14. Discussion with internal auditors of any significant findings and follow up there on;

15. Reviewing the findings of any internal investigations by the internal auditors into matters where there is suspected fraud or irregularity or a failure of internal control systems of a material nature and reporting the matter to the board;

16. Discussion with statutory auditors before the audit commences, about the nature and scope of audit as well as post-audit discussion to ascertain any area of concern;

17. To look into the reasons for substantial defaults in the payment to the depositors, debenture holders, shareholders (in case of non-payment of declared dividends) and creditors;

18. To review the functioning of the Whistle Blower mechanism;

19. Approval of appointment of CFO (i.e., the whole-time Finance Director or any other person heading the finance function or discharging that function) after assessing the qualifications, experience and background, etc. of the candidate;

20. Carrying out any other function as is mentioned in the terms of reference of the Audit Committee

B. NOMINATION AND REMUNERATION COMMITTEE

The Nomination and Remuneration Committee consists of three Directors including two independent Directors.

During the year ended March 31st, 2015, One Meeting of Remuneration Committee was held.

TERMS OF REFERENCE

The role of Nomination and Remuneration Committee includes the following:

1) Formulation of the criteria for determining qualifications, positive attributes and independence of a director and recommend to the Board a policy, relating to the remuneration of the directors, key managerial personnel and other employees;

2) Formulation of criteria for evaluation of Independent Directors and the Board;

3) Devising a policy on Board diversity;

4)Identifying persons who are qualified to become directors and who may be appointed in senior management in accordance with the criteria laid down, and recommend to the Board their appointment and removal.

REMUNERATION POLICY

The Remuneration Policy of the Company for Directors, Key Managerial Personnel and Senior Management is annexed to the Director’s Report.
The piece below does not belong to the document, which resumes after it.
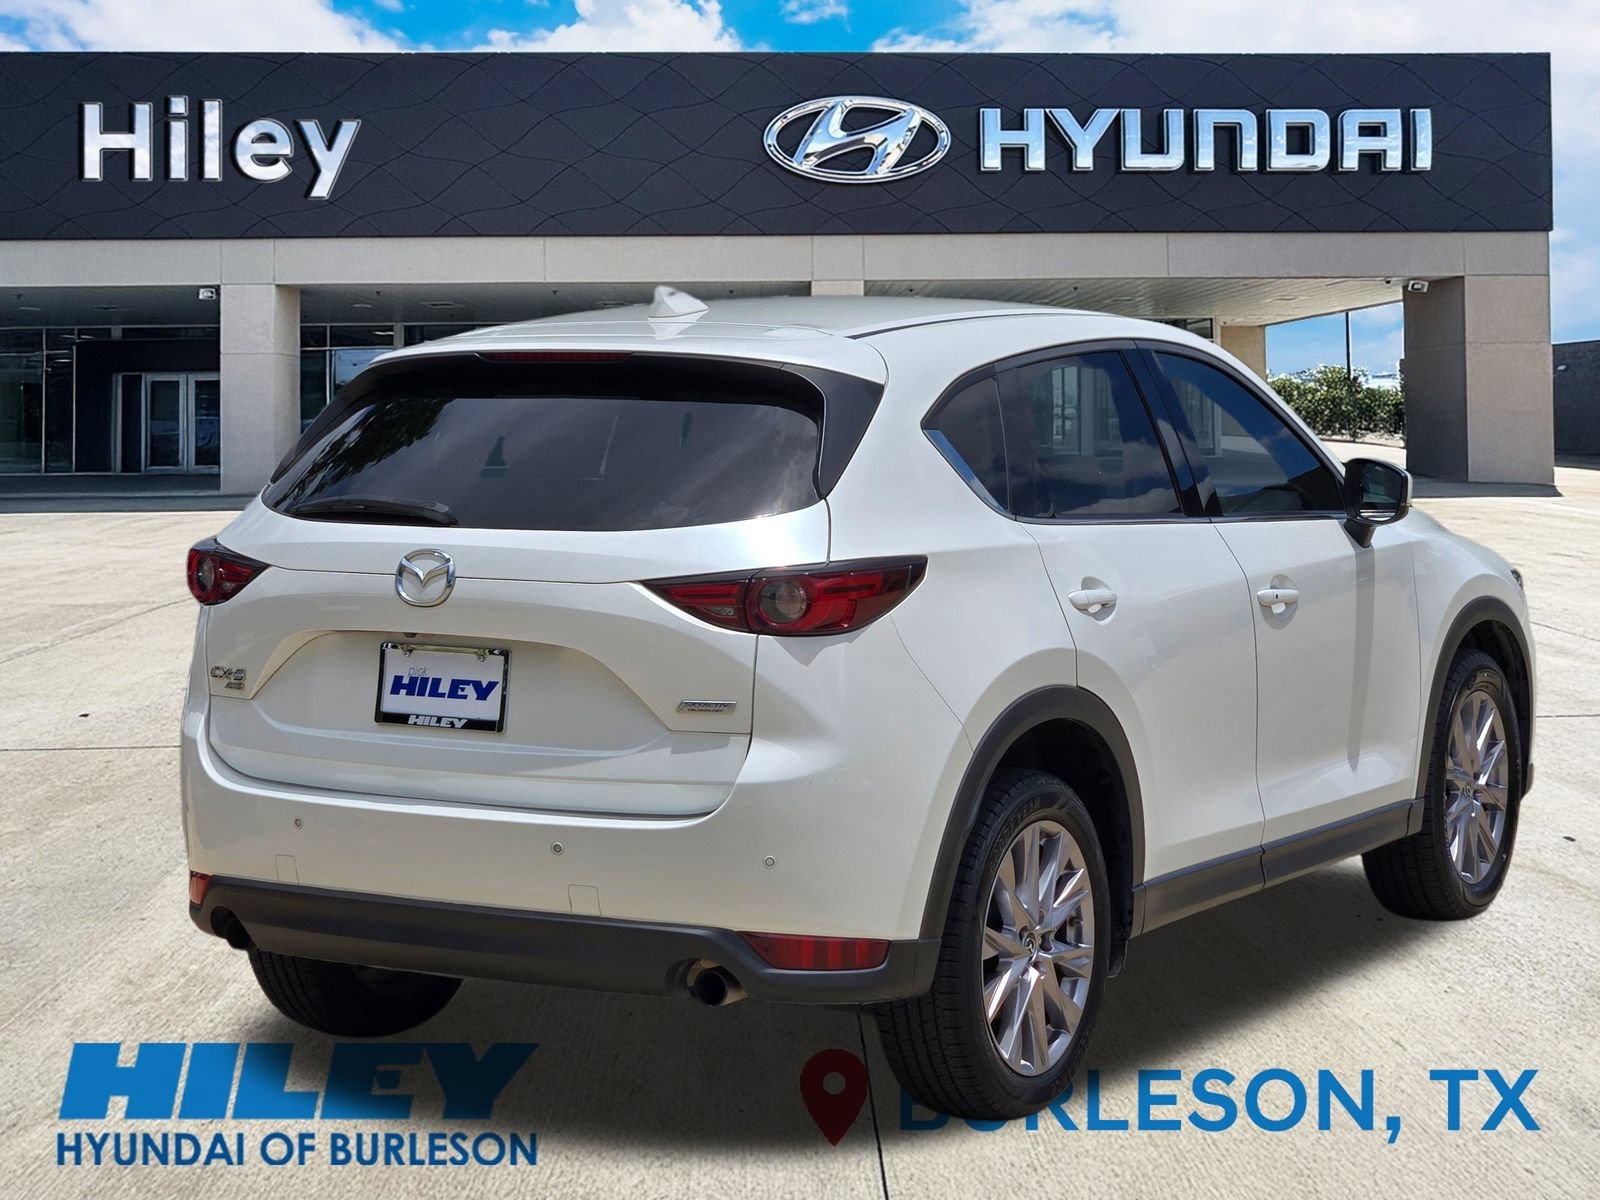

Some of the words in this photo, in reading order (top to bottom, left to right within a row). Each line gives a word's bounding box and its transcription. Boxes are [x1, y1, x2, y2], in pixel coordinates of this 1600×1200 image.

[79, 95, 361, 199] Hiley
[980, 107, 1433, 172] HYUNDAI
[389, 674, 499, 701] HILEY
[408, 714, 468, 729] HILEY
The Company’s remuneration policy is directed towards rewarding performance, based on review of achievements on a periodical basis. The remuneration policy is in accordance with the existing industry practice.
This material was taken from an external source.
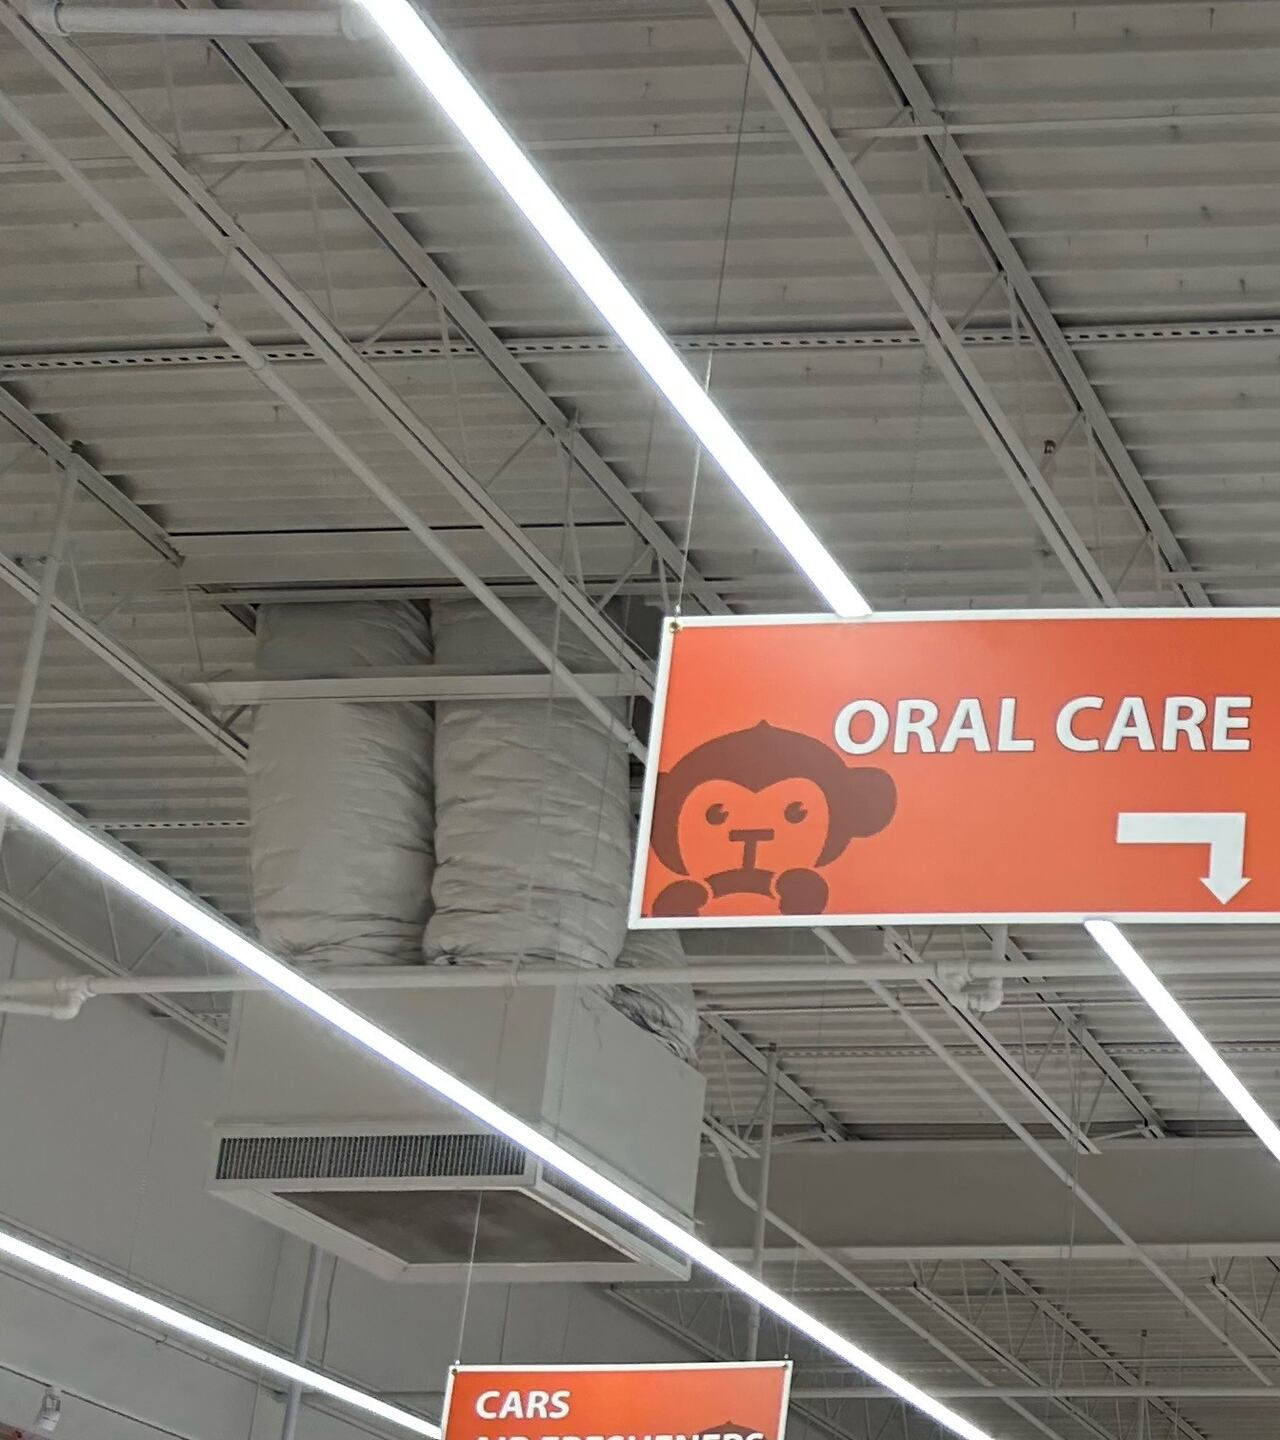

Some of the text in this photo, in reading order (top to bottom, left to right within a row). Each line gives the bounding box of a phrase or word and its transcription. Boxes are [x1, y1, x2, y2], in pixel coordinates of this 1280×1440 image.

[834, 695, 1252, 754] ORAL CARE
[475, 1391, 570, 1419] CARS
C. STAKEHOLDER RELATIONSHIP COMMITTEE

The members of the committee are Shri Gyanveer Singh, Shri H S Bhimrao, Shri Prabhat Agarwal and Shri Himanshu Duggal. During the year ended March 31, 2015, one meeting of Committee were held. The attendance of each member of the committee at the Investors Grievance Committee meeting held is as under

The Stakeholders Relationship Committee is entrusted with the responsibility to resolve the grievances of security holders. The Committee monitors and reviews the performance and service standards of the Registrar and Share Transfer Agents of the Company i.e. Indus Portfolio Private Limited and provides continuous guidance to improve the service levels for investors. The Committee received and redresses the complaints of the shareholders in respect of matters pertaining to transfer of shares, non-receipt of Annual Report, dematerialization of shares, non-receipt of declared dividend etc

Postal Ballot

During the period under review, no resolution was passed through Postal Ballot.

F. Disclosures

1. Disclosures on materially significant related party transactions that may have potential conflict with the interests of company at large.
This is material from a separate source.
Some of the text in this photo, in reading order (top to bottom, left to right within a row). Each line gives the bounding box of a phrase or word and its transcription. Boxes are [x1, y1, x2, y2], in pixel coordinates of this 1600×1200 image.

There were no transactions of materially significant nature with the promoters, the Directors or the Management or their subsidiaries or relatives that may have potential conflict with the interest of the Company at large. All the trasactions with the related parties were on arm’s length basis and are done under the ordinary course of business. However, the disclosure of related party transactions has been made in the Auditor’s Report. The transactions as stated in the Auditor Report were done in the Ordinary Course of business of the Company and are at the arm length price. These transactions don’t affect the interest of the Company and its stakeholders in any manner whatsoever.

2. Details of non-compliance by the company, penalties and strictures imposed on the company by Stock Exchange or SEBI or any statutory authority, on any matter related to capital markets, during the last three years.

During the last three years, there has been no instance of non-compliance by the Company on any matter related to capital market. The management of the Company persue its best efforts to comply all the legal and statutory requirements as applicable to the Company

3. Whistle Blower policy and affirmation that no personnel have been denied access to the audit committee.

Pursuant to Section 177(9) and (10) of the Companies Act, 2013 and Clause 49 of the Listing Agreement, the Company has a Whistle Blower Policy for Directors & employees to report to the management about the unethical behavior, fraud or violation of Company’s Code of Conduct. The mechanism provides for adequate safeguards against victimization of employees and directors who use such mechanism and makes provision for direct access to the Chairperson of Audit Committee. None of the personnel of the Company has been denies access to the Audit Committee.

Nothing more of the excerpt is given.